Effect of combination therapies on tumor metastasis in the Y537S ERα mutant model. Ex vivo radiance of luciferase activity was measured in excised a long bones (n = 10–12 legs), b brains (n = 5–6 mice), c lungs (n = 5–6 mice), and d livers (n = 5–6 mice). Error bars represent standard error of the mean. F, fulvestrant; L5 and L10, lasofoxifene at 5 and 10 mg/kg; P35 and P70, palbociclib at 35 and 70 mg/kg; V, vehicle. *p < 0.05, **p < 0.01, ***p < 0.001, ****p < 0.0001 by one-way ANOVA
Data from histological assessments of metastatic burden in the lung, liver, and bone were consistent with the ex vivo imaging results. LAS was substantially more effective than FUL in preventing metastasis to the lung and liver, regardless of the presence of PAL (Fig. 5). Compared with single agents alone, FUL plus 35 mg/kg PAL reduced metastatic coverage in both the liver and the lung (Fig. 5b, d), 10/70 mg/kg LAS/PAL did in the lung (Fig. 5b), and 10/35 mg/kg LAS/PAL did in the liver (Fig. 5d). H&E and IHC staining of bone marrow showed that 5 mg/kg LAS completely blocked tumor metastases to the bone, in contrast to vehicle control (Supplementary Figure S3). Both bone metastases and necrosis were observed in vehicle- and FUL-treated mice, but not in other treatment groups (Supplementary Table S2).

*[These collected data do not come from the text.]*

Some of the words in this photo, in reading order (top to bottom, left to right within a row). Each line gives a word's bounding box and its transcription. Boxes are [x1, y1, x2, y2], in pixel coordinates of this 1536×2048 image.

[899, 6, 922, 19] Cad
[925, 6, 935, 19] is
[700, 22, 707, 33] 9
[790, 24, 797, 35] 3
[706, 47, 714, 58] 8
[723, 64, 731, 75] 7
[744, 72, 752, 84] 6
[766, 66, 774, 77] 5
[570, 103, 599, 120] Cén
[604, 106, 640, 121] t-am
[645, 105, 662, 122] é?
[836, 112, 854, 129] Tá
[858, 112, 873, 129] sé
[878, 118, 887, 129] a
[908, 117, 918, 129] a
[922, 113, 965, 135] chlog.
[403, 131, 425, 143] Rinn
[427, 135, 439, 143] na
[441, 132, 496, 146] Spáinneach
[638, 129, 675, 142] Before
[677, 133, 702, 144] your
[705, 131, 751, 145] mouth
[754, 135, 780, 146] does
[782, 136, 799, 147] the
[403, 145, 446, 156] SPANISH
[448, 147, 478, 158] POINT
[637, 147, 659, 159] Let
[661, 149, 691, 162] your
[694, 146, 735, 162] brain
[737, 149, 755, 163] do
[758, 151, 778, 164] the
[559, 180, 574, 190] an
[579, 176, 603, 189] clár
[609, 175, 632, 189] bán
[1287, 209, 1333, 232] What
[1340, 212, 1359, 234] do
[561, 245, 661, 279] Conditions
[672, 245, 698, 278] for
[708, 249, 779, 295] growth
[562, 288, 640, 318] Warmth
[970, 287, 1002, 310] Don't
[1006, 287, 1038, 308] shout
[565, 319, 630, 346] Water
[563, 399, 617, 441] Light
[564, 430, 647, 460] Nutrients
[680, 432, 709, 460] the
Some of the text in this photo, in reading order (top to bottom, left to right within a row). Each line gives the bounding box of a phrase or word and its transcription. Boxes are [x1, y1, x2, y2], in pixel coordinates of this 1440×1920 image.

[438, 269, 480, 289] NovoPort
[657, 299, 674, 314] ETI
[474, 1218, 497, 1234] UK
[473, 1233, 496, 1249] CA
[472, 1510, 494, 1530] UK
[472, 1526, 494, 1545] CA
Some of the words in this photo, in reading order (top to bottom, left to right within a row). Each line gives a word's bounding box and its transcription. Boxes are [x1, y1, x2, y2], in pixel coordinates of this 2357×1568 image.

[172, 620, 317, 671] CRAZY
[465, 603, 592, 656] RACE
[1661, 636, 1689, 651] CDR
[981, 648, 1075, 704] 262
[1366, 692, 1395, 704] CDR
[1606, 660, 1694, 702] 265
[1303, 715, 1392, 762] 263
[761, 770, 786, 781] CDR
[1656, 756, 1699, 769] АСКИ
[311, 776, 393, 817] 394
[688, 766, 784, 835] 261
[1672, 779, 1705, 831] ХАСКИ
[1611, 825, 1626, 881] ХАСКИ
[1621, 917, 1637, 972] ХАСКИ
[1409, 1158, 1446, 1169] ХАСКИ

Histological analysis of lungs and livers in the Y537S ERα mutant model. a Representative IHC staining of lungs with anti-luciferase antibody showing lung metastases (brown). b Quantitation of the IHC staining showing metastasis as percent of total lung area (n = 5–6 mice). c Representative H&E staining of livers. d Quantitation of the H&E staining showing the area of tumor cells normalized to the total liver area (n = 5–6 mice). Error bars represent standard error of the mean. F, fulvestrant; L5 and L10, lasofoxifene at 5 and 10 mg/kg; P35 and P70, palbociclib at 35 and 70 mg/kg; V, vehicle. *p < 0.05, **p < 0.01, ***p < 0.001, ****p < 0.0001 by one-way ANOVA
Binding affinity for ERα LBD
Binding affinity of LAS for WT ERα LBD (Ki = 0.21 ± 0.06 nM) was comparable to that of E2 (Kd = 0.22 ± 0.11 nM), but lower compared to 4-OHT (Ki = 0.12 ± 0.003 nM) and FUL (Ki = 0.13 ± 0.03 nM) (Table 1). ESR1 mutations reduced the affinities of LAS, 4-OHT, and FUL by approximately 10 to 40 folds relative to that for WT. The Ki of LAS, 4-OHT, and FUL was 2.34 ± 0.60 nM, 2.64 ± 0.40 nM, and 3.68 ± 0.77 nM, respectively, for Y537S binding, and 2.19 ± 0.24 nM, 2.29 ± 0.80 nM, and 5.06 ± 1.16 nM, respectively, for D538G binding (Table 1).
Antagonist conformation of ERα LBD
X-ray crystallography showed that LAS stabilized an antagonist conformation of both WT and Y537S ERα LBD, although the loop connecting H11 to H12 was absent in the Y537S structure (Fig. 6). Superposition of the crystal structures at alpha carbons shows that H12 is less helical and sits slightly away from AF2-cleft in the Y537S compared with to the WT. In the Y537S structure, LAS itself adopts a vector that places its pyrrolidine moiety closer to H12, likely to take the space that was occupied by the H11/12 loop in the WT structure. Only A chains were inspected as B chains show significant crystal contacts near H12.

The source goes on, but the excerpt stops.